Assigned task: Write out, word for word, only the lines from the one containing "this 1920×1324 image." through the final line of the data.

Excerpted data:
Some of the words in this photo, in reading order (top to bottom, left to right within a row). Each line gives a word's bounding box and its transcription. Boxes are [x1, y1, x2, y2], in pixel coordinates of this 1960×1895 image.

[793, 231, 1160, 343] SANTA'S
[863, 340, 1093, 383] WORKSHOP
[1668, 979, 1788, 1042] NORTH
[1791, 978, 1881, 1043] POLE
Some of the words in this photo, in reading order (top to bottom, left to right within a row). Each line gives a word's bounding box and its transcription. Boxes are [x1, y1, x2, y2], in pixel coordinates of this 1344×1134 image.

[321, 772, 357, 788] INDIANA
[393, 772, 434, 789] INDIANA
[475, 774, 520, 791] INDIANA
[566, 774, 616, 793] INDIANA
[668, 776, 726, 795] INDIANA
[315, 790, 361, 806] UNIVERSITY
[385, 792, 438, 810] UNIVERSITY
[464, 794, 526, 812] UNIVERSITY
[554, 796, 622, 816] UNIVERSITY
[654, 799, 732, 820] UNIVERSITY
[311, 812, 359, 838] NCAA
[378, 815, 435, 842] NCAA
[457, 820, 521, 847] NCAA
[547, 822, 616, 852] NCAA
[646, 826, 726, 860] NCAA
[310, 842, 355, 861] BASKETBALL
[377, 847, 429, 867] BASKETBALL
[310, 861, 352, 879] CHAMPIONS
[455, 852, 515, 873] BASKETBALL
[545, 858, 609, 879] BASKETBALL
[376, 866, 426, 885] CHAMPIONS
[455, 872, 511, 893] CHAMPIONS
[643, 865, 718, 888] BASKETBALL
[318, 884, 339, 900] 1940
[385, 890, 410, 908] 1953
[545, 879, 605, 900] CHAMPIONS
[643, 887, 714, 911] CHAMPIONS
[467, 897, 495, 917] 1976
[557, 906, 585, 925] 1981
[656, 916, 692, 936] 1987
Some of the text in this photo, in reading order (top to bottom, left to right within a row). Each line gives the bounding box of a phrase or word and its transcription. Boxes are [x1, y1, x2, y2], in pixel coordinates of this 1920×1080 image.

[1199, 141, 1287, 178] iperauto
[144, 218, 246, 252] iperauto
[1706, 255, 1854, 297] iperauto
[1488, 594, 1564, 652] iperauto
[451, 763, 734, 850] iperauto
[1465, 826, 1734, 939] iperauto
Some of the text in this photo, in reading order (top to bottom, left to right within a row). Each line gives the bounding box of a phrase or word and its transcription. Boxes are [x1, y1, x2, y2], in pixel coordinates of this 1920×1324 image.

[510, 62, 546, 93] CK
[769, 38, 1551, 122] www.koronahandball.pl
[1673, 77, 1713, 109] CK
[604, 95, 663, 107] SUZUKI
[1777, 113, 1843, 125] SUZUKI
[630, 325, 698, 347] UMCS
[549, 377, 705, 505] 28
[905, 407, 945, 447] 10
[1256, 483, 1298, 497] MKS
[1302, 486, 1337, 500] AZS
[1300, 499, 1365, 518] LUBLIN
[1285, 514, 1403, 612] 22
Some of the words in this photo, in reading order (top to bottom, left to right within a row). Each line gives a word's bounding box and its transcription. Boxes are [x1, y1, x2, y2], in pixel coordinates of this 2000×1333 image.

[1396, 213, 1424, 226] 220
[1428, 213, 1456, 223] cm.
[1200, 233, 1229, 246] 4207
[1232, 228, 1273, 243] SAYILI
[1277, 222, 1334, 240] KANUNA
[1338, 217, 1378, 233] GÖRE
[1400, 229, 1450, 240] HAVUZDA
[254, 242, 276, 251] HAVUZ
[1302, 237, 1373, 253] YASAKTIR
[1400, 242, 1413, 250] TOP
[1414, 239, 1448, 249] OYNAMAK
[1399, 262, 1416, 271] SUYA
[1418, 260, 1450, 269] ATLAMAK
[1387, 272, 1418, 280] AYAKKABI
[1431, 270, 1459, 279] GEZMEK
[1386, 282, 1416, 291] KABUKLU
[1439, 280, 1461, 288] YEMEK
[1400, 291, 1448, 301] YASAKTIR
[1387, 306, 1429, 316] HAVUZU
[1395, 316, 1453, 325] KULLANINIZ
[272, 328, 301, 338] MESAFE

Answer to this problem:
Some of the text in this photo, in reading order (top to bottom, left to right within a row). Each line gives the bounding box of a phrase or word and its transcription. Boxes are [x1, y1, x2, y2], in pixel coordinates of this 1920×1324 image.

[510, 62, 546, 93] CK
[769, 38, 1551, 122] www.koronahandball.pl
[1673, 77, 1713, 109] CK
[604, 95, 663, 107] SUZUKI
[1777, 113, 1843, 125] SUZUKI
[630, 325, 698, 347] UMCS
[549, 377, 705, 505] 28
[905, 407, 945, 447] 10
[1256, 483, 1298, 497] MKS
[1302, 486, 1337, 500] AZS
[1300, 499, 1365, 518] LUBLIN
[1285, 514, 1403, 612] 22
Some of the words in this photo, in reading order (top to bottom, left to right within a row). Each line gives a word's bounding box and its transcription. Boxes are [x1, y1, x2, y2], in pixel coordinates of this 2000×1333 image.

[1396, 213, 1424, 226] 220
[1428, 213, 1456, 223] cm.
[1200, 233, 1229, 246] 4207
[1232, 228, 1273, 243] SAYILI
[1277, 222, 1334, 240] KANUNA
[1338, 217, 1378, 233] GÖRE
[1400, 229, 1450, 240] HAVUZDA
[254, 242, 276, 251] HAVUZ
[1302, 237, 1373, 253] YASAKTIR
[1400, 242, 1413, 250] TOP
[1414, 239, 1448, 249] OYNAMAK
[1399, 262, 1416, 271] SUYA
[1418, 260, 1450, 269] ATLAMAK
[1387, 272, 1418, 280] AYAKKABI
[1431, 270, 1459, 279] GEZMEK
[1386, 282, 1416, 291] KABUKLU
[1439, 280, 1461, 288] YEMEK
[1400, 291, 1448, 301] YASAKTIR
[1387, 306, 1429, 316] HAVUZU
[1395, 316, 1453, 325] KULLANINIZ
[272, 328, 301, 338] MESAFE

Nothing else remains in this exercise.